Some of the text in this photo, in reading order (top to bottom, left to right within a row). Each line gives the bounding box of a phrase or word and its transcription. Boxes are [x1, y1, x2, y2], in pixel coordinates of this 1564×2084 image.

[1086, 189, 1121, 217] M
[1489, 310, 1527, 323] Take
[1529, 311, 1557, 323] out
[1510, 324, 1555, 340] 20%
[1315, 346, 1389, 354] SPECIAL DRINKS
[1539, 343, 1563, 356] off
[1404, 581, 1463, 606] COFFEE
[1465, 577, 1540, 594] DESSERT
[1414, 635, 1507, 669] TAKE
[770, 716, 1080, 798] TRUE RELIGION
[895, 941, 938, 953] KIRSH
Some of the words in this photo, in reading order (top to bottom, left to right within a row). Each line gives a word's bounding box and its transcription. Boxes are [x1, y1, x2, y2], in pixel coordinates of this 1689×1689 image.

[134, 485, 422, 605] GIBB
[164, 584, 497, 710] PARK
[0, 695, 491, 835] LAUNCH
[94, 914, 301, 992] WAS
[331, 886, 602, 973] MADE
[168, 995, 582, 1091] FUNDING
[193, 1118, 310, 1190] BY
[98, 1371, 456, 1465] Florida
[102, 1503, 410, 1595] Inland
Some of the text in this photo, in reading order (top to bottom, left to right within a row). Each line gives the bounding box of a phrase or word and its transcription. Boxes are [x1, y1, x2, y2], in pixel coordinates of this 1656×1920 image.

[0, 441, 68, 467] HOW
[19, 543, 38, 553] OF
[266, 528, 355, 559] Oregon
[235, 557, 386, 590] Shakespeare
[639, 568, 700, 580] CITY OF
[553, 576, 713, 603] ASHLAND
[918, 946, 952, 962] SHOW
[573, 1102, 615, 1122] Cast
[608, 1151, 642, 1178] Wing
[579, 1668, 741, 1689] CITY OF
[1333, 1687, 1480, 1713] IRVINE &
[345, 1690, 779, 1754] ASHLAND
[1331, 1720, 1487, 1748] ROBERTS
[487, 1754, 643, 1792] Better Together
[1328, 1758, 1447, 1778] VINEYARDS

EXERCISE INSTRUCTIONS: What the exercise needs is every record again, word for word.

SOLUTION TO THIS PROBLEM:
Some of the text in this photo, in reading order (top to bottom, left to right within a row). Each line gives the bounding box of a phrase or word and its transcription. Boxes are [x1, y1, x2, y2], in pixel coordinates of this 1564×2084 image.

[1086, 189, 1121, 217] M
[1489, 310, 1527, 323] Take
[1529, 311, 1557, 323] out
[1510, 324, 1555, 340] 20%
[1315, 346, 1389, 354] SPECIAL DRINKS
[1539, 343, 1563, 356] off
[1404, 581, 1463, 606] COFFEE
[1465, 577, 1540, 594] DESSERT
[1414, 635, 1507, 669] TAKE
[770, 716, 1080, 798] TRUE RELIGION
[895, 941, 938, 953] KIRSH
Some of the words in this photo, in reading order (top to bottom, left to right within a row). Each line gives a word's bounding box and its transcription. Boxes are [x1, y1, x2, y2], in pixel coordinates of this 1689×1689 image.

[134, 485, 422, 605] GIBB
[164, 584, 497, 710] PARK
[0, 695, 491, 835] LAUNCH
[94, 914, 301, 992] WAS
[331, 886, 602, 973] MADE
[168, 995, 582, 1091] FUNDING
[193, 1118, 310, 1190] BY
[98, 1371, 456, 1465] Florida
[102, 1503, 410, 1595] Inland
Some of the text in this photo, in reading order (top to bottom, left to right within a row). Each line gives the bounding box of a phrase or word and its transcription. Boxes are [x1, y1, x2, y2], in pixel coordinates of this 1656×1920 image.

[0, 441, 68, 467] HOW
[19, 543, 38, 553] OF
[266, 528, 355, 559] Oregon
[235, 557, 386, 590] Shakespeare
[639, 568, 700, 580] CITY OF
[553, 576, 713, 603] ASHLAND
[918, 946, 952, 962] SHOW
[573, 1102, 615, 1122] Cast
[608, 1151, 642, 1178] Wing
[579, 1668, 741, 1689] CITY OF
[1333, 1687, 1480, 1713] IRVINE &
[345, 1690, 779, 1754] ASHLAND
[1331, 1720, 1487, 1748] ROBERTS
[487, 1754, 643, 1792] Better Together
[1328, 1758, 1447, 1778] VINEYARDS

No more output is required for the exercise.